_WORK INSTRUCTIONS:_
Produce the same data once more, line for line.

_RECORDED DATA:_

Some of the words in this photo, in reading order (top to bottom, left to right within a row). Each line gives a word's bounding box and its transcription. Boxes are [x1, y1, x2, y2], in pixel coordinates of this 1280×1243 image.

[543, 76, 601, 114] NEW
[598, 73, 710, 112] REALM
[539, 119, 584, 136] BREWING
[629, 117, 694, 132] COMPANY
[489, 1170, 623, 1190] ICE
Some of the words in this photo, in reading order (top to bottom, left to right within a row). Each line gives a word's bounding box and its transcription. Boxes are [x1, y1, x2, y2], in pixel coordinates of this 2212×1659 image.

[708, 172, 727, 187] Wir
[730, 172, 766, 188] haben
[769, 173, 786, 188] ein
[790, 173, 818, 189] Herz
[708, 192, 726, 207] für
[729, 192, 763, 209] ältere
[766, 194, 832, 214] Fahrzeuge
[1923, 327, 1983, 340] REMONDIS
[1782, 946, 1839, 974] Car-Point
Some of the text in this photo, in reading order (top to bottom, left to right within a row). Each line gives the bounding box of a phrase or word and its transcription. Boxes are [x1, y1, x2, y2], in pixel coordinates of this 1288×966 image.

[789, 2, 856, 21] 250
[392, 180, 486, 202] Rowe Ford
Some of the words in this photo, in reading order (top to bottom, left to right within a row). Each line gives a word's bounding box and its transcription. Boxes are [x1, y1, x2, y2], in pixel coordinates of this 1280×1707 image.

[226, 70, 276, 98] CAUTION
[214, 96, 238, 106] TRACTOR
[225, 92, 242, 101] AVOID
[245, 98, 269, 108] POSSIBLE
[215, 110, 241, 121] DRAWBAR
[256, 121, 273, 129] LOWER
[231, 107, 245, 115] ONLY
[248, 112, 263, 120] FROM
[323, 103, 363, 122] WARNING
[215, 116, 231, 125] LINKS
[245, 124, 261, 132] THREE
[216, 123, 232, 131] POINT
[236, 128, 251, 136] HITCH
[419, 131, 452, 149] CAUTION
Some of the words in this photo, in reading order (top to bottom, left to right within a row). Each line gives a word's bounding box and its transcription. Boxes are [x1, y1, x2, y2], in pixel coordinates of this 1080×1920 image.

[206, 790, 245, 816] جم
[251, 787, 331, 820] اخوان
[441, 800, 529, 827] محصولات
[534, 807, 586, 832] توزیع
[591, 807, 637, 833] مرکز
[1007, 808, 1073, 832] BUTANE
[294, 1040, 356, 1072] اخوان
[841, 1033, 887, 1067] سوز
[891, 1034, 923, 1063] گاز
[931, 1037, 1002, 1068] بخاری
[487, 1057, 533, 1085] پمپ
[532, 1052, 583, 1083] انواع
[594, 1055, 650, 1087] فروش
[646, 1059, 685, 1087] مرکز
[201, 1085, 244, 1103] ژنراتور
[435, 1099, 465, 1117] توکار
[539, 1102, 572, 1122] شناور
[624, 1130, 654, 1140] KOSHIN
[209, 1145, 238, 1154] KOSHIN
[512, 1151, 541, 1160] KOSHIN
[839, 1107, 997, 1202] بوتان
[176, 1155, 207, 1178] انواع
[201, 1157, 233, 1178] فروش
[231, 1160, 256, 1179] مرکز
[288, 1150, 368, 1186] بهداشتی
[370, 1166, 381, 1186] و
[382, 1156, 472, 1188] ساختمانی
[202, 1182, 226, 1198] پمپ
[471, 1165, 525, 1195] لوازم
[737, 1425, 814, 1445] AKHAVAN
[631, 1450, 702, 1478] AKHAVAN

_TASK SOLUTION:_
Some of the words in this photo, in reading order (top to bottom, left to right within a row). Each line gives a word's bounding box and its transcription. Boxes are [x1, y1, x2, y2], in pixel coordinates of this 1280×1243 image.

[543, 76, 601, 114] NEW
[598, 73, 710, 112] REALM
[539, 119, 584, 136] BREWING
[629, 117, 694, 132] COMPANY
[489, 1170, 623, 1190] ICE
Some of the words in this photo, in reading order (top to bottom, left to right within a row). Each line gives a word's bounding box and its transcription. Boxes are [x1, y1, x2, y2], in pixel coordinates of this 2212×1659 image.

[708, 172, 727, 187] Wir
[730, 172, 766, 188] haben
[769, 173, 786, 188] ein
[790, 173, 818, 189] Herz
[708, 192, 726, 207] für
[729, 192, 763, 209] ältere
[766, 194, 832, 214] Fahrzeuge
[1923, 327, 1983, 340] REMONDIS
[1782, 946, 1839, 974] Car-Point
Some of the text in this photo, in reading order (top to bottom, left to right within a row). Each line gives the bounding box of a phrase or word and its transcription. Boxes are [x1, y1, x2, y2], in pixel coordinates of this 1288×966 image.

[789, 2, 856, 21] 250
[392, 180, 486, 202] Rowe Ford
Some of the words in this photo, in reading order (top to bottom, left to right within a row). Each line gives a word's bounding box and its transcription. Boxes are [x1, y1, x2, y2], in pixel coordinates of this 1280×1707 image.

[226, 70, 276, 98] CAUTION
[214, 96, 238, 106] TRACTOR
[225, 92, 242, 101] AVOID
[245, 98, 269, 108] POSSIBLE
[215, 110, 241, 121] DRAWBAR
[256, 121, 273, 129] LOWER
[231, 107, 245, 115] ONLY
[248, 112, 263, 120] FROM
[323, 103, 363, 122] WARNING
[215, 116, 231, 125] LINKS
[245, 124, 261, 132] THREE
[216, 123, 232, 131] POINT
[236, 128, 251, 136] HITCH
[419, 131, 452, 149] CAUTION
Some of the words in this photo, in reading order (top to bottom, left to right within a row). Each line gives a word's bounding box and its transcription. Boxes are [x1, y1, x2, y2], in pixel coordinates of this 1080×1920 image.

[206, 790, 245, 816] جم
[251, 787, 331, 820] اخوان
[441, 800, 529, 827] محصولات
[534, 807, 586, 832] توزیع
[591, 807, 637, 833] مرکز
[1007, 808, 1073, 832] BUTANE
[294, 1040, 356, 1072] اخوان
[841, 1033, 887, 1067] سوز
[891, 1034, 923, 1063] گاز
[931, 1037, 1002, 1068] بخاری
[487, 1057, 533, 1085] پمپ
[532, 1052, 583, 1083] انواع
[594, 1055, 650, 1087] فروش
[646, 1059, 685, 1087] مرکز
[201, 1085, 244, 1103] ژنراتور
[435, 1099, 465, 1117] توکار
[539, 1102, 572, 1122] شناور
[624, 1130, 654, 1140] KOSHIN
[209, 1145, 238, 1154] KOSHIN
[512, 1151, 541, 1160] KOSHIN
[839, 1107, 997, 1202] بوتان
[176, 1155, 207, 1178] انواع
[201, 1157, 233, 1178] فروش
[231, 1160, 256, 1179] مرکز
[288, 1150, 368, 1186] بهداشتی
[370, 1166, 381, 1186] و
[382, 1156, 472, 1188] ساختمانی
[202, 1182, 226, 1198] پمپ
[471, 1165, 525, 1195] لوازم
[737, 1425, 814, 1445] AKHAVAN
[631, 1450, 702, 1478] AKHAVAN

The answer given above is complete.